Will Amazon’s Alexa be your next Chief Talent Officer?
Artificial intelligence (AI) is everywhere, now in recruiting people at companies. Is this good?
We´ve all heard of someone not getting a response after submitting an application and companies struggling to find the right candidate, meaning that even the best resumes of the most qualified people lose their way through the corporate pipeline.
A 2016 Forbes article reported 85% of applicants don’t hear back after submitting an application—while 71% of employers claim that they can’t find a candidate with the right skill set, reflecting a clear rupture among corporate recruiting.
More and more, company softwares have been strongly adopting AI tendencies to develop a more dynamic and efficient process of hiring.
These are some examples on how AI is revolutionizing the workplace:
- Chatbots | Customer service is moving into the future with chatbots.

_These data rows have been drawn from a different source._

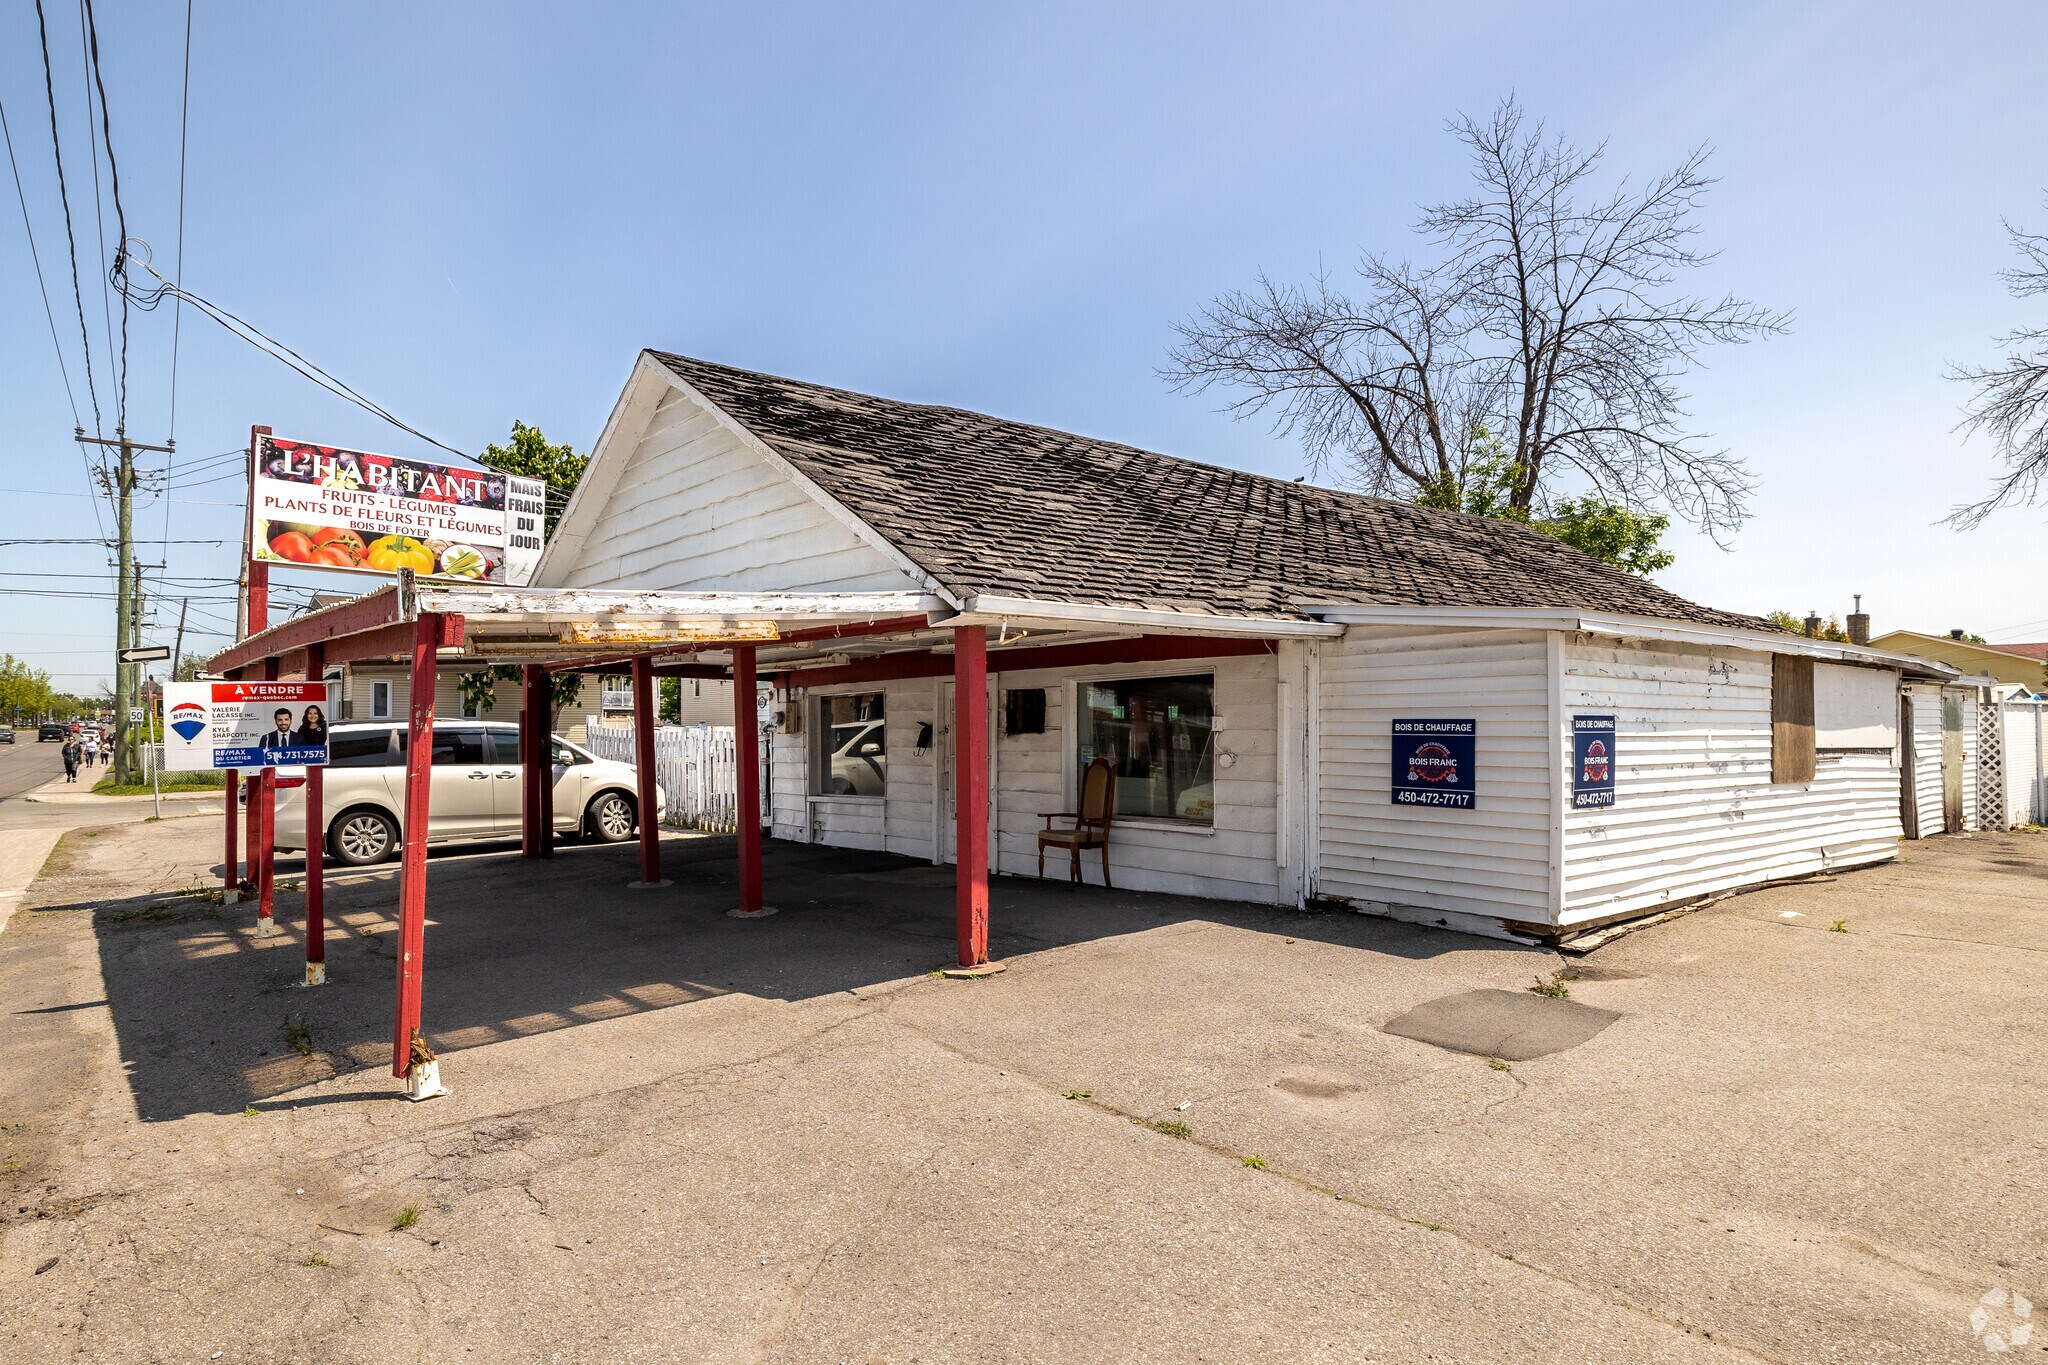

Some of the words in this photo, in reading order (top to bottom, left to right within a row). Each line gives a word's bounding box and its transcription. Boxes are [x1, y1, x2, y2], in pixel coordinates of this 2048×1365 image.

[283, 449, 487, 502] L'HABITANT
[510, 480, 542, 498] MAÏS
[322, 489, 376, 506] FRUITS
[390, 496, 456, 517] LÉGUMES
[508, 498, 544, 515] FRAIS
[264, 496, 328, 514] PLANTS
[332, 505, 352, 517] DE
[358, 508, 412, 524] FLEURS
[418, 516, 434, 527] ET
[439, 517, 502, 536] LÉGUMES
[350, 520, 375, 531] BOIS
[378, 524, 392, 533] DE
[395, 526, 430, 538] FOYER
[517, 517, 535, 532] DU
[509, 534, 541, 550] JOUR
[235, 684, 244, 695] À
[250, 686, 304, 695] VENDRE
[131, 712, 142, 720] 50
[174, 712, 204, 720] RE/MAX
[1395, 723, 1412, 731] BOIS
[1414, 723, 1424, 731] DE
[1425, 723, 1472, 732] CHAUFFAGE
[1409, 758, 1428, 766] BOIS
[1429, 758, 1458, 766] FRANC
[1398, 791, 1469, 806] 450-472-7717
[1576, 792, 1612, 806] 450-472-7717

According to research by Forrester, five percent of companies worldwide were using chatbots regularly by 2016, and 20 percent were piloting them. Sixty percent of millennials already make use of them.
- Mya | Mya is an AI created by FirstJob to automate up to 75% of the recruiting process—and one day, perhaps the whole thing. Now there is one more hope: Alexa, the Amazon AI assistant.
- Beamery | According to Harver, Beamery focuses on treating candidates like customers. The company’s candidate relationship platform ‘proactively builds relationships with passive candidates, reduces hiring cycles and creates a single source of truth for all your hiring data’.
Digital recruitment, a must for any company
Digital recruitment –think Monster and LinkedIn– is routine today. But what if a voice-powered AI assistant like Amazon’s Alexa could find the best candidate for a critical role just by asking it?
By leveraging the power of social networks and data and analytics, enterprising employers already are sourcing, screening and retaining talent more efficiently and effectively, so this scenario is not that far away.
Networked talent sourcing. Oracle’s subsidiary Opower employs such talent analytics to hire about 200 employees annually. And it specifically uses a big data approach to identifying diverse talent most receptive to a job change. As a result, female hires increased to 47% from 40% and minority technical hires jumped to 11% from 1.5%.
Analytic screening and assessment. Google has used people analytics to identify false negatives in rejected candidates based on profiles of successful employees, and it subsequently asks missed candidates to reapply. Xerox uses online tests that have cut attrition by 20%.
Predictive retention. A US insurer, for example, used analytics to show that the quality of direct supervisors, recognition and training most determined turnover. This enabled the company to eliminate costly signup bonuses that had little impact.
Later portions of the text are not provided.